- WHAT TO DO -
Reproduce from the records below, with no pictures, exactly the lines between the one containing "this 1600×900 image." and the one containing "this 2048×1368 image.", inclusive.

- MATERIAL PROVIDED -
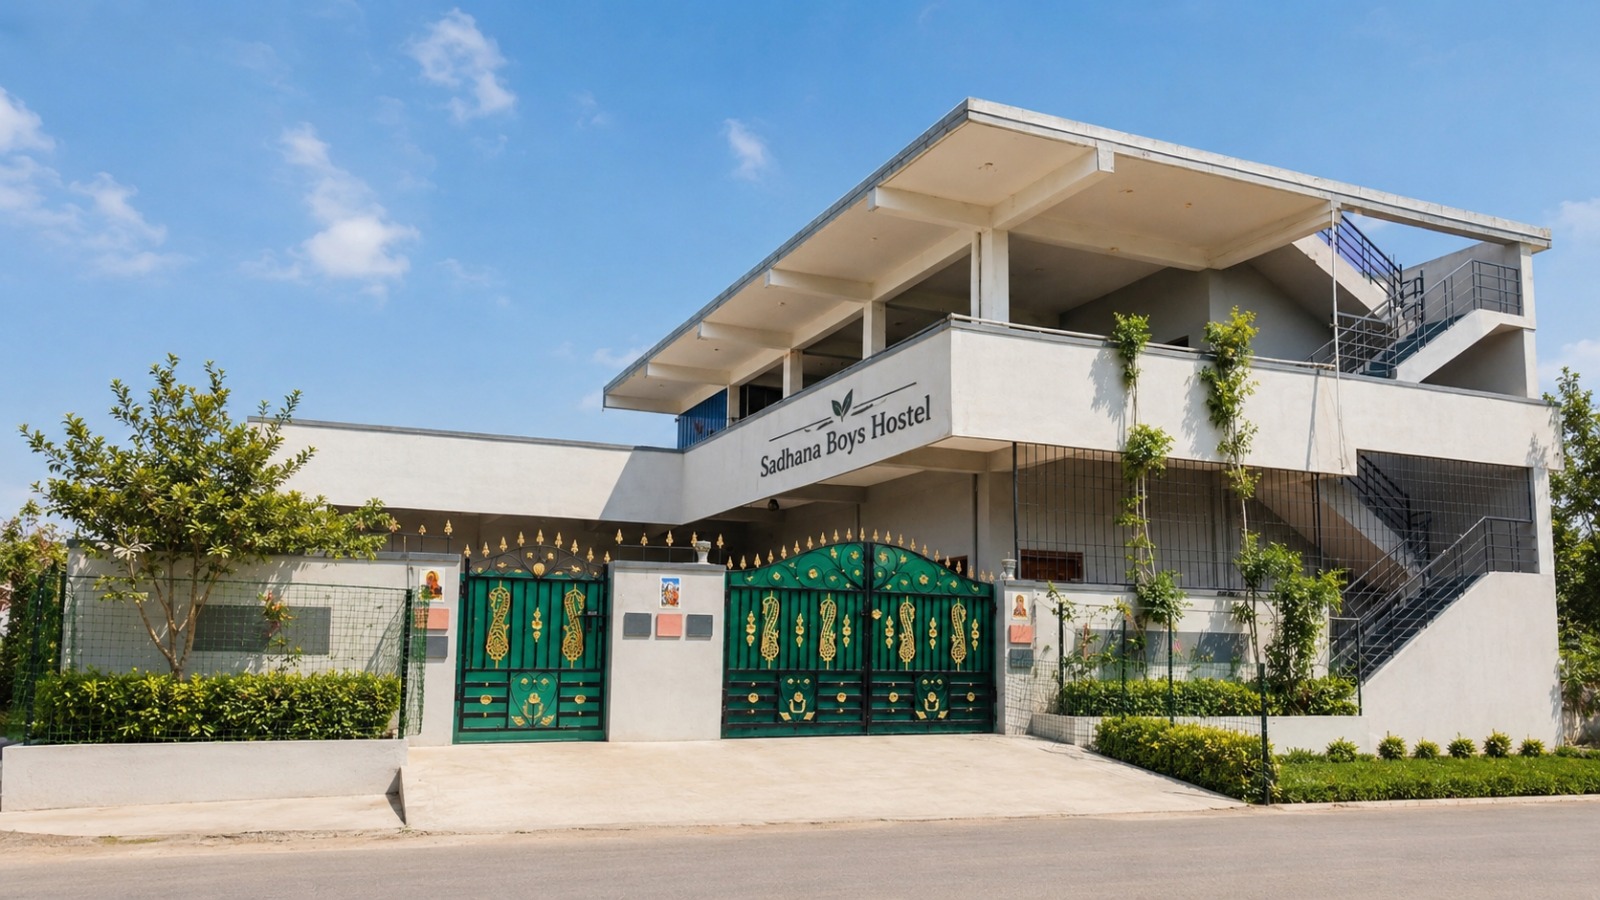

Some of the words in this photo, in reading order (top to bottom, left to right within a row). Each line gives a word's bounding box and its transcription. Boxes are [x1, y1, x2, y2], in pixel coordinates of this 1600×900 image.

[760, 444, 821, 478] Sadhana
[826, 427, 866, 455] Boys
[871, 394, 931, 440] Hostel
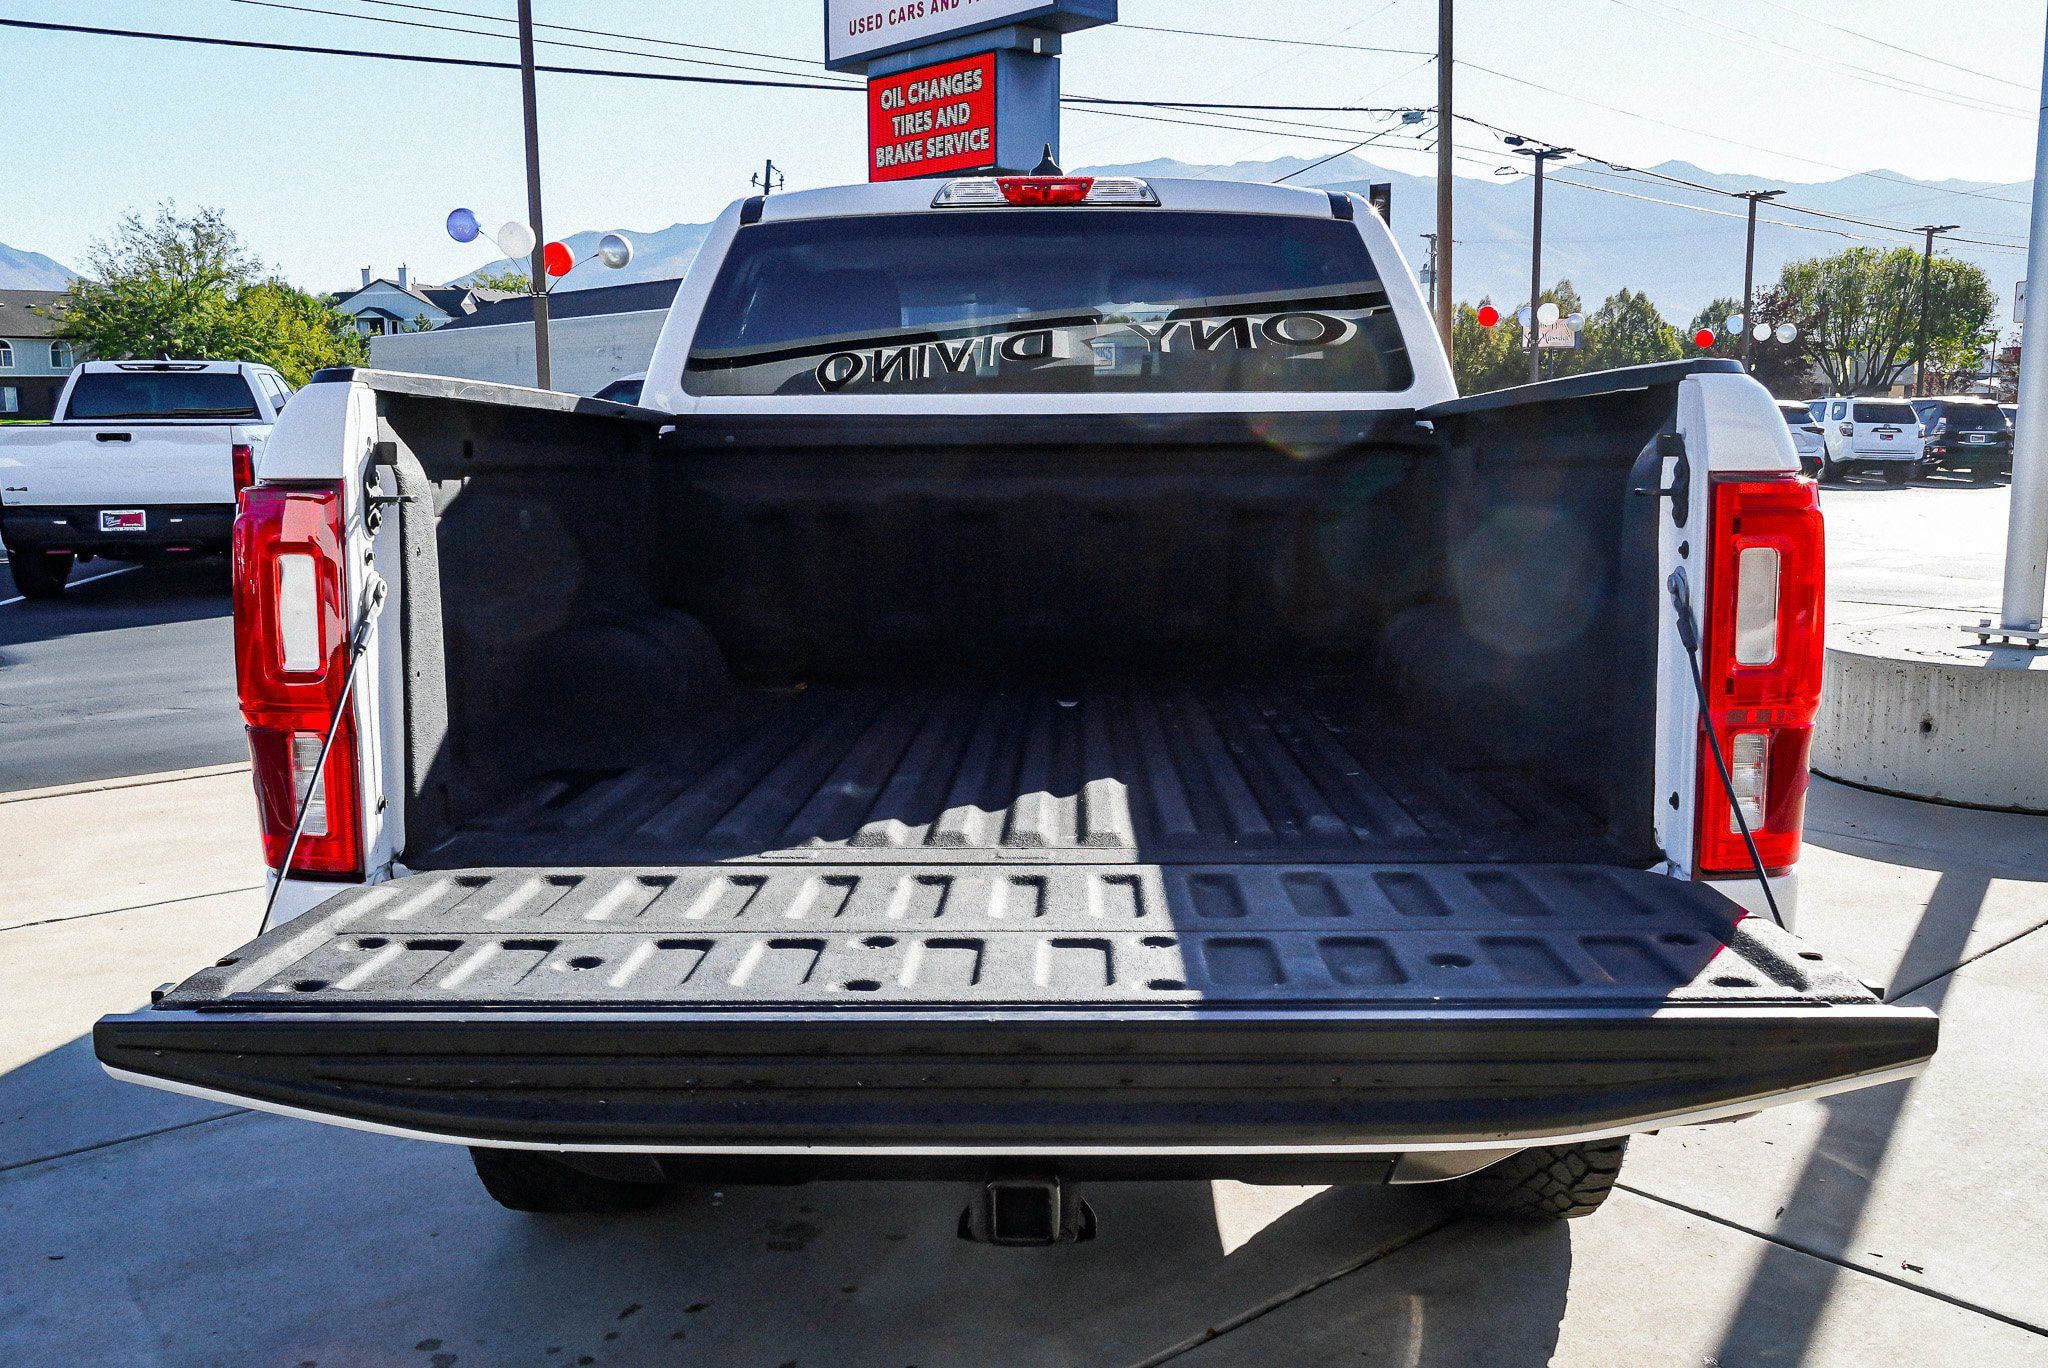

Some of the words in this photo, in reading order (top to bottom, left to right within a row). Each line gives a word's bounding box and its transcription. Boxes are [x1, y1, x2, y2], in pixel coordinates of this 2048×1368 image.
==
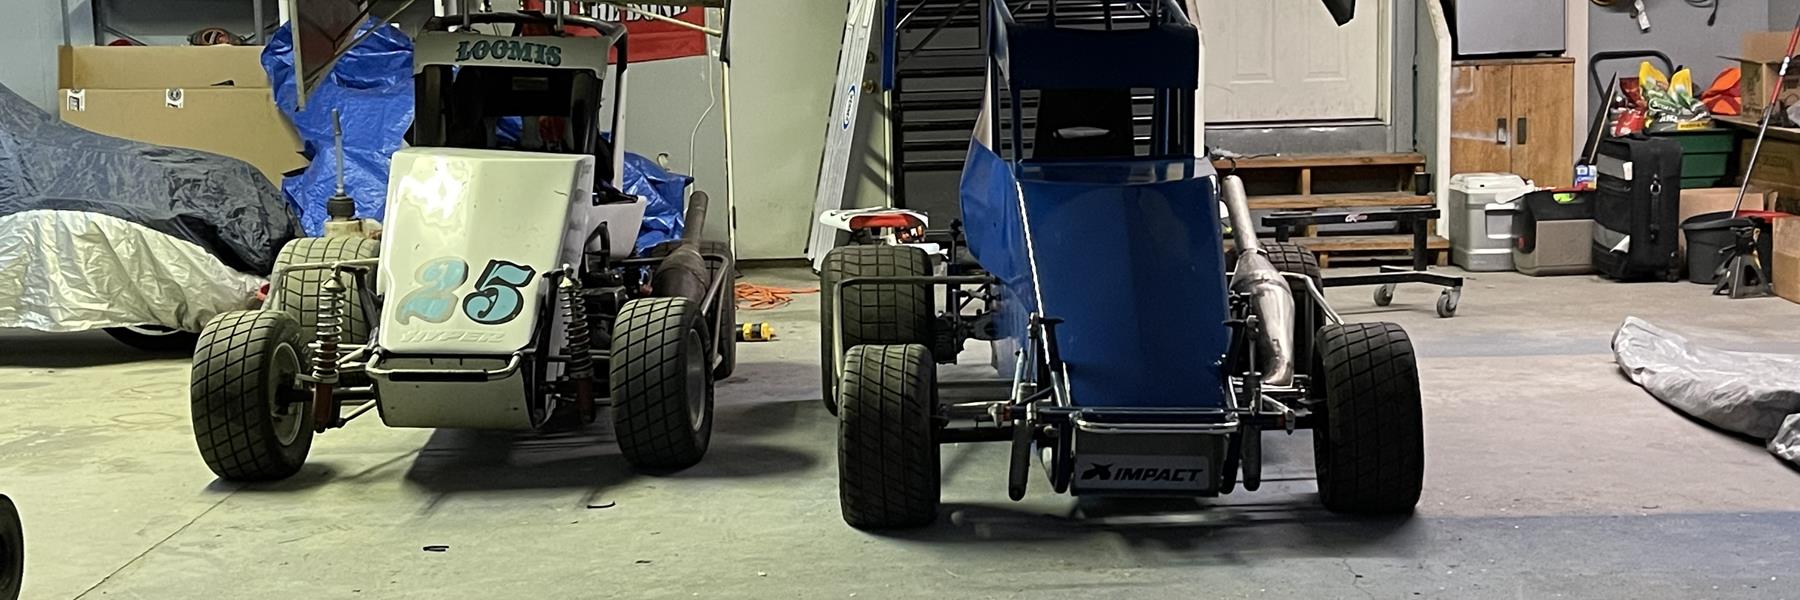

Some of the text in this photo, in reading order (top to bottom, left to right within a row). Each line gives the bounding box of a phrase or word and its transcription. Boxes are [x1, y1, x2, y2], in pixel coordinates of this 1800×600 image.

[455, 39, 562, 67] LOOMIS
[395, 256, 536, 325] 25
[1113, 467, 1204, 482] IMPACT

- YOUR RESPONSE -
Some of the words in this photo, in reading order (top to bottom, left to right within a row). Each line gives a word's bounding box and its transcription. Boxes are [x1, y1, x2, y2], in pixel coordinates of this 1600×900 image.

[760, 444, 821, 478] Sadhana
[826, 427, 866, 455] Boys
[871, 394, 931, 440] Hostel

Some of the words in this photo, in reading order (top to bottom, left to right within a row). Each line gives a word's bounding box and its transcription. Boxes are [x1, y1, x2, y2], in pixel coordinates of this 2048×1368 image.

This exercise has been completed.